**Data for analysis**:
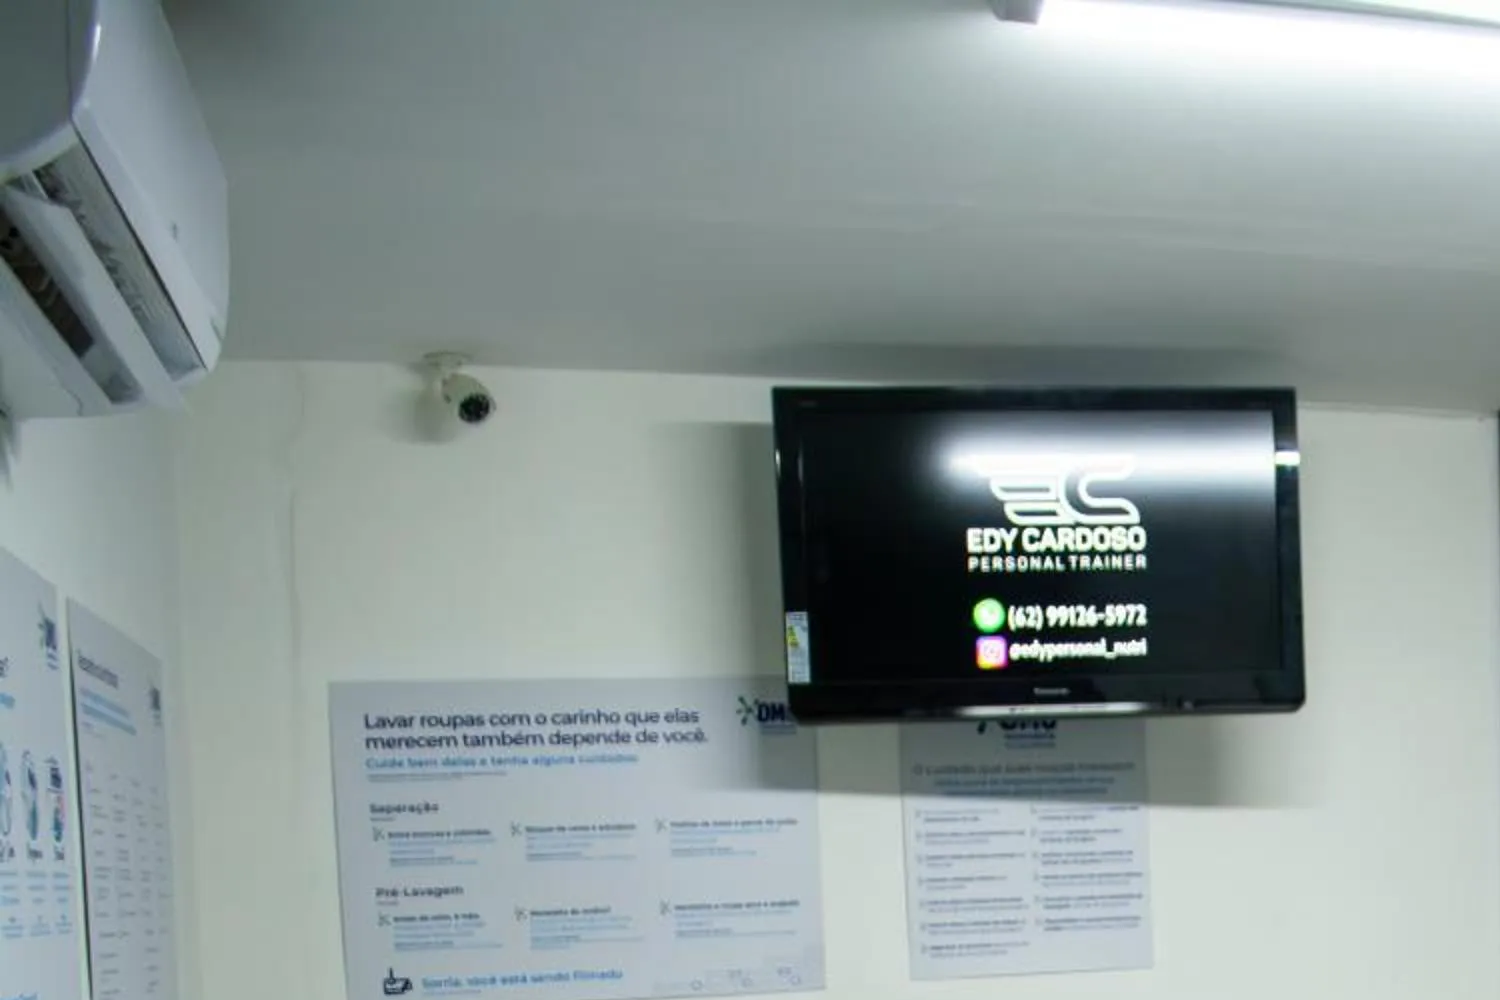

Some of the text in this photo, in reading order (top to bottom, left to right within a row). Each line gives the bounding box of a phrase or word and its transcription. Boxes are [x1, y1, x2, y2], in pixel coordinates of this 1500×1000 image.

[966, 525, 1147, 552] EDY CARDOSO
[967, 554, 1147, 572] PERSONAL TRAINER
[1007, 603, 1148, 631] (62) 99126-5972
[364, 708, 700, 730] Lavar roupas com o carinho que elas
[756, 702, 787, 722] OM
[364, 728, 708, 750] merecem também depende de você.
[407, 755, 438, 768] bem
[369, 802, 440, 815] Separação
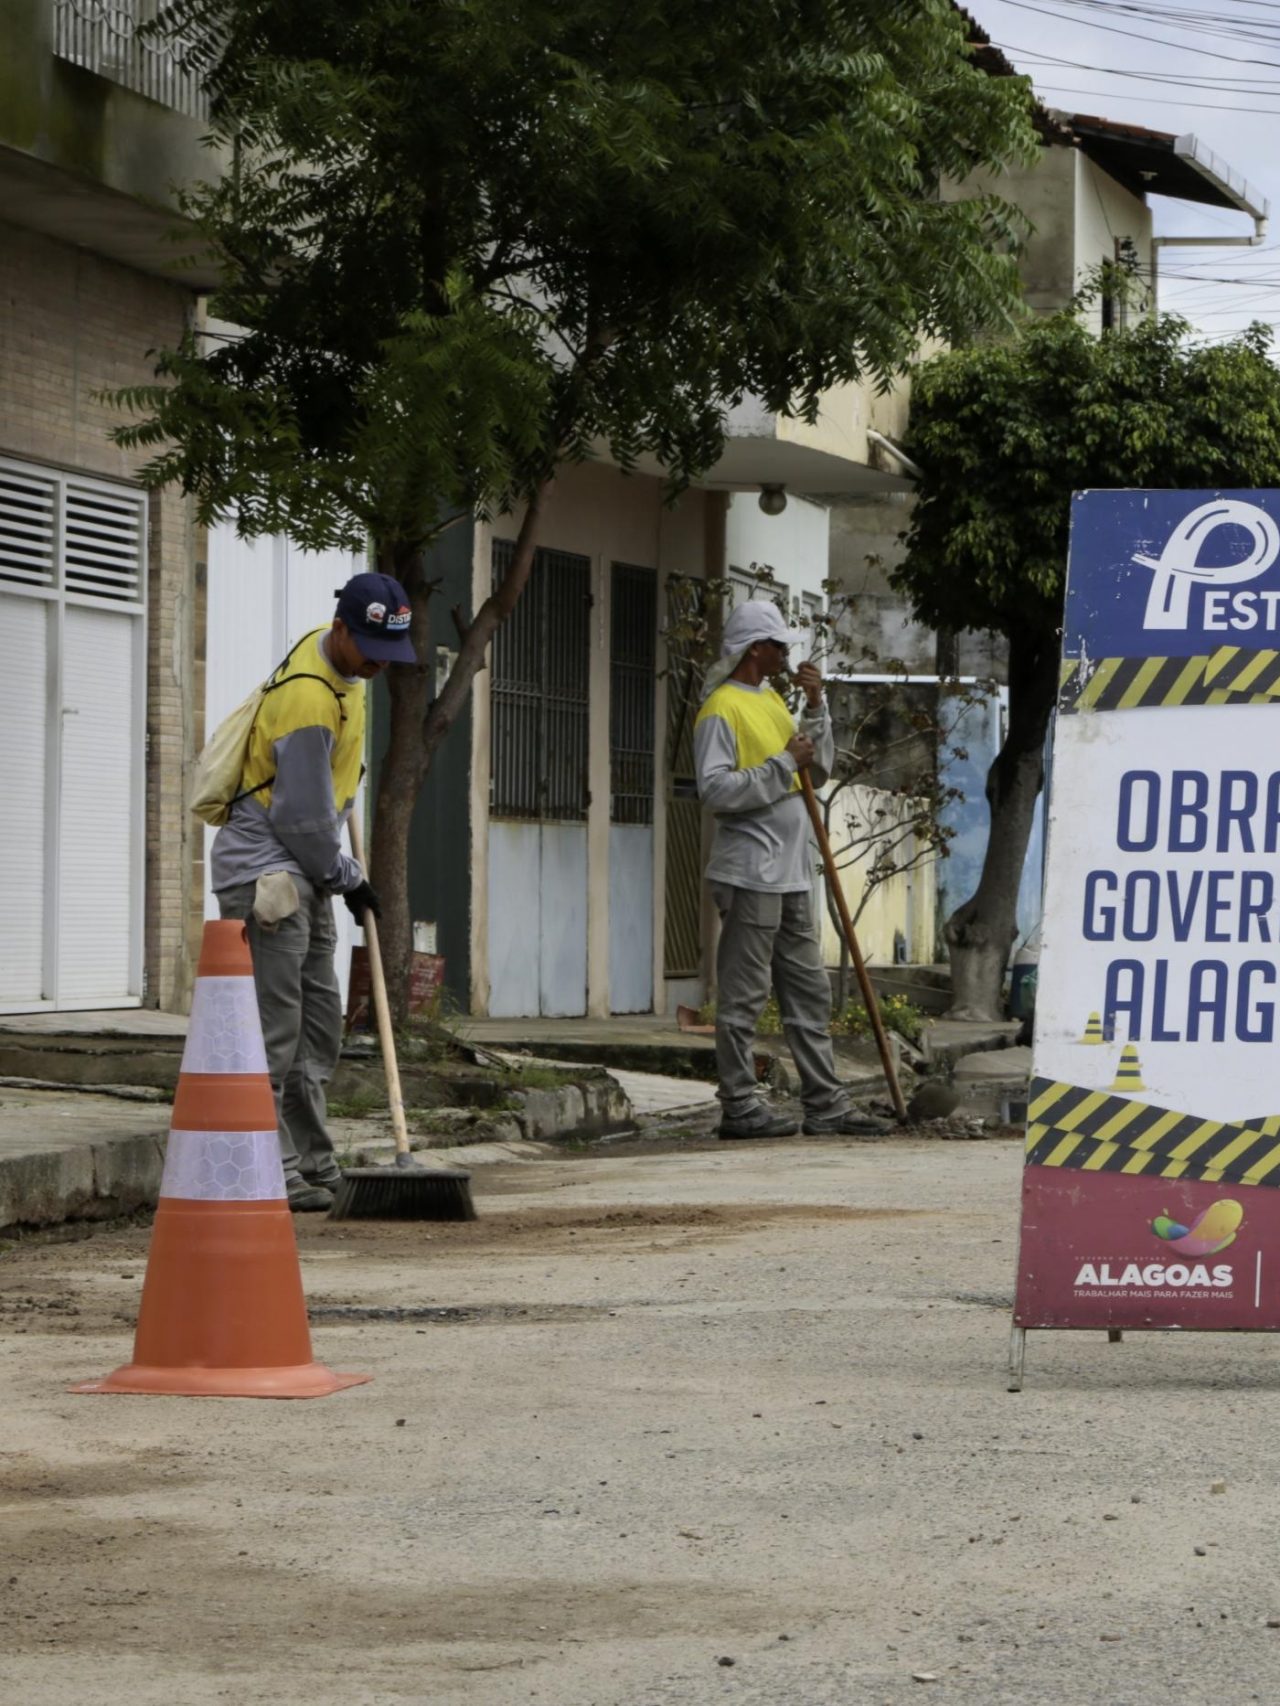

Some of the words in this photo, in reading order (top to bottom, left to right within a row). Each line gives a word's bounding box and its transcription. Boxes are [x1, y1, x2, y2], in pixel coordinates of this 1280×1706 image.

**Exercise requirements**: Please print the data above once more, exactly and without images.

**Output for this exercise**:
Some of the text in this photo, in reading order (top to bottom, left to right within a row). Each line gives the bounding box of a phrase or word and its transcription. Boxes are [x1, y1, x2, y2], in pixel coordinates of this 1500×1000 image.

[966, 525, 1147, 552] EDY CARDOSO
[967, 554, 1147, 572] PERSONAL TRAINER
[1007, 603, 1148, 631] (62) 99126-5972
[364, 708, 700, 730] Lavar roupas com o carinho que elas
[756, 702, 787, 722] OM
[364, 728, 708, 750] merecem também depende de você.
[407, 755, 438, 768] bem
[369, 802, 440, 815] Separação

Some of the words in this photo, in reading order (top to bottom, left to right within a row). Each line gives a word's bounding box and its transcription. Boxes are [x1, y1, x2, y2], in pixel coordinates of this 1280×1706 image.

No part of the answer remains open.